U.S. Trade Representative Jamieson Greer labeled China’s recent restrictions on rare earths exports as a “global supply chain power grab'”.
Bank of America, meanwhile, cautioned that Brent could slip beneath $50 bbl if U.S.-China trade tensions worsened and OPEC+ production continued to ramp up.
NYMEX-traded WTI crude for November delivery settled down by $0.43 at $58.27 bbl, while ICE Brent for December delivery dipped by $0.35 to $62.04 bbl.
In the downstream sector, gasoline prices bucked the lower trend, with November RBOB gasoline climbing by $0.0096 to $1.8382 gallon.
Front-month ULSD futures gave back gains from earlier in the day, falling by $0.0186 to trade at $2.1790 gallon.
The U.S. dollar index softened by 0.270 points to 98.54 against a basket of foreign currencies.
Market participants are awaiting the delayed publication of the Energy Information Administration’s Weekly Petroleum Status Report on Thursday (10/16), due to the Columbus Day federal holiday on Monday (10/13).

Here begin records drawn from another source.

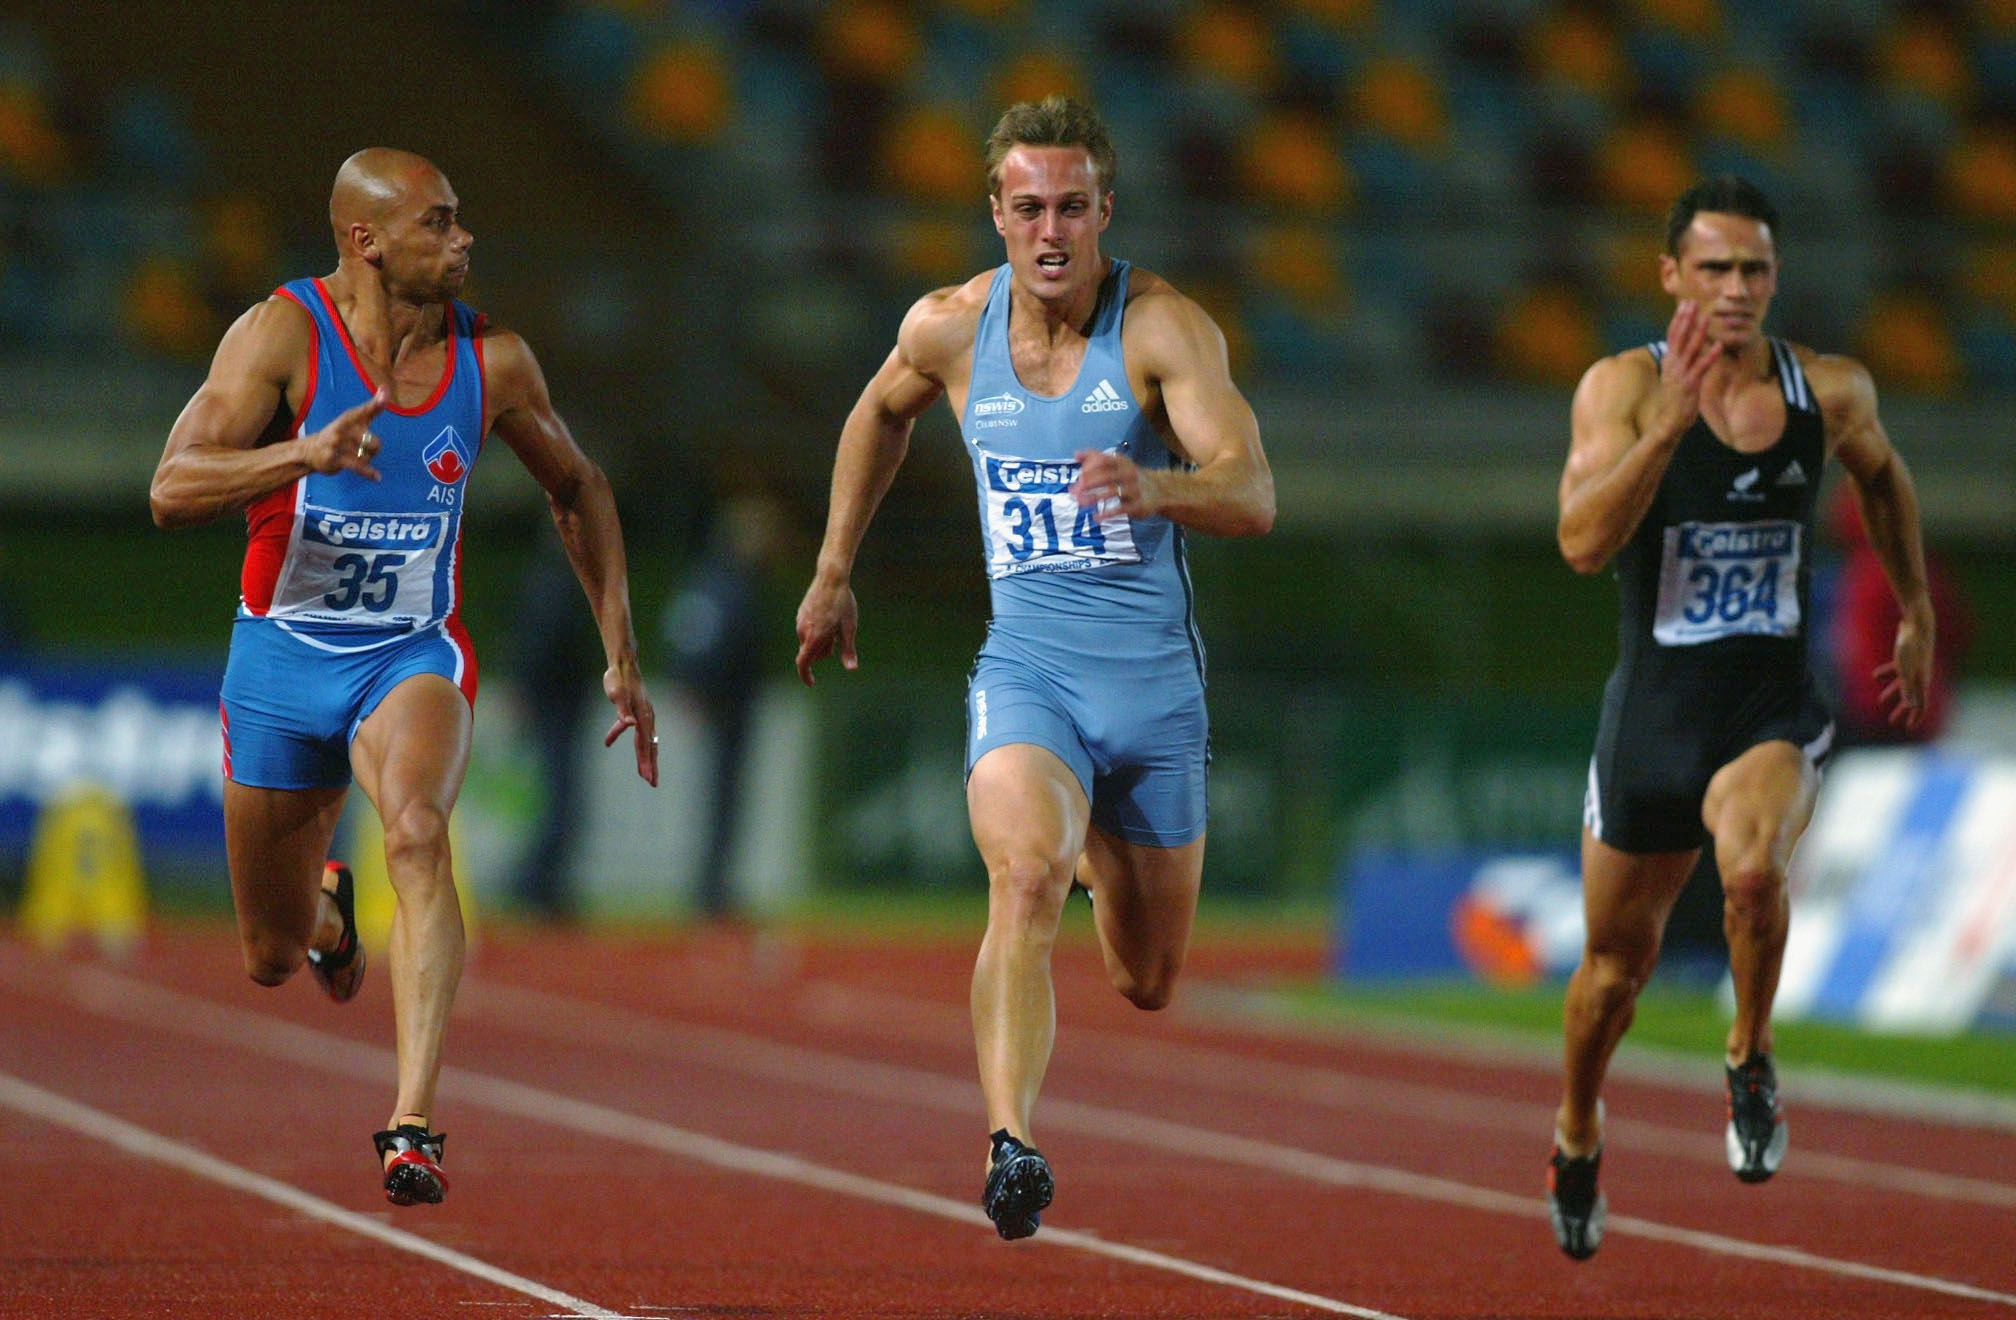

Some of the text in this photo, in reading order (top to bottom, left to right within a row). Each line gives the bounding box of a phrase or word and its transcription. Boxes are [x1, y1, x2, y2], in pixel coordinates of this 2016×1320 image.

[1081, 399, 1128, 413] adidas
[997, 462, 1082, 491] Telstr
[427, 484, 455, 505] AIS
[319, 514, 430, 544] Telstra
[1002, 497, 1106, 560] 314
[1015, 558, 1092, 573] CHAMPIONSHIPS
[324, 553, 406, 613] 35
[1683, 561, 1779, 624] 364
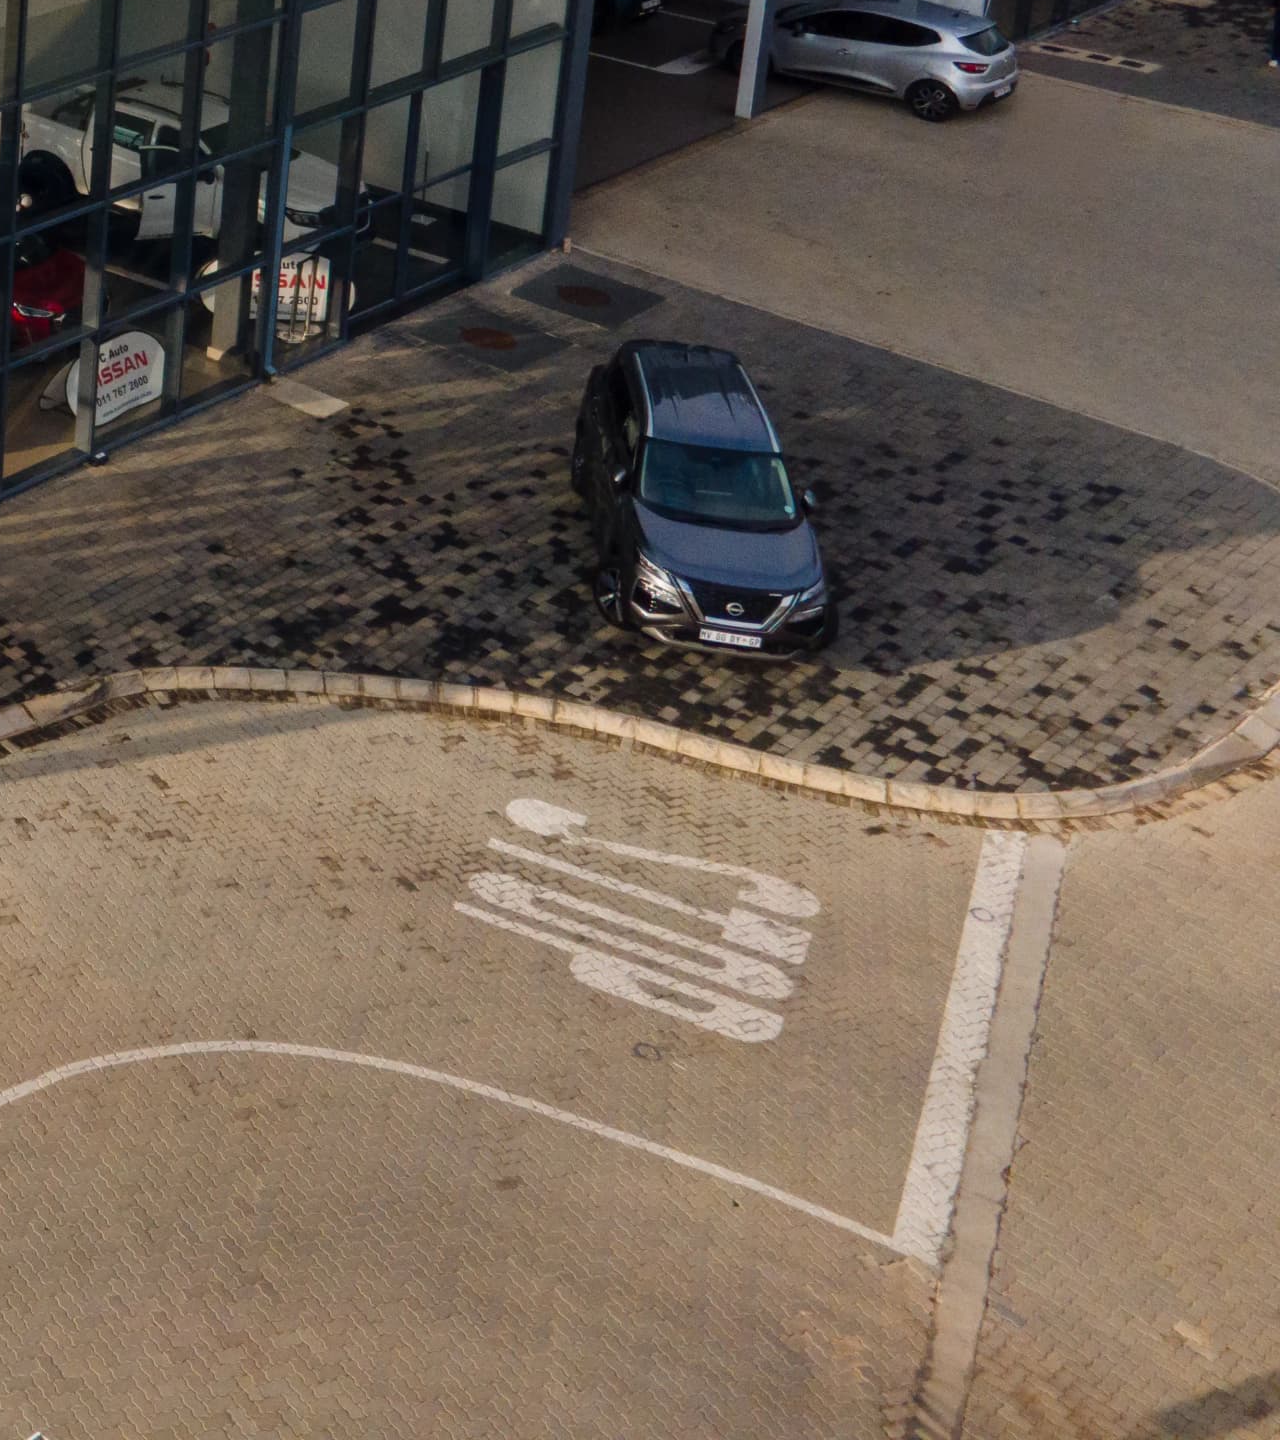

The American Petroleum Institute will issue later today its own weekly oil supply-demand data, also delayed for a day by to the holiday.
Since recovering briefly from the five-month lows of last week, WTI and Brent have been trading weakly and in a tight range on persistent worries of oversupply.
The International Energy Administration warned on Tuesday that the global oil market could be in a record glut of 4 million by next year as producer alliance OPEC+ continues to pump more than needed while and demand remains sluggish.
The trade dispute between the United States and China — the world’s two largest oil consumers –- is, meanwhile, threatening to disrupt global freight flows after both nations imposed additional port fees on ships carrying cargo between them.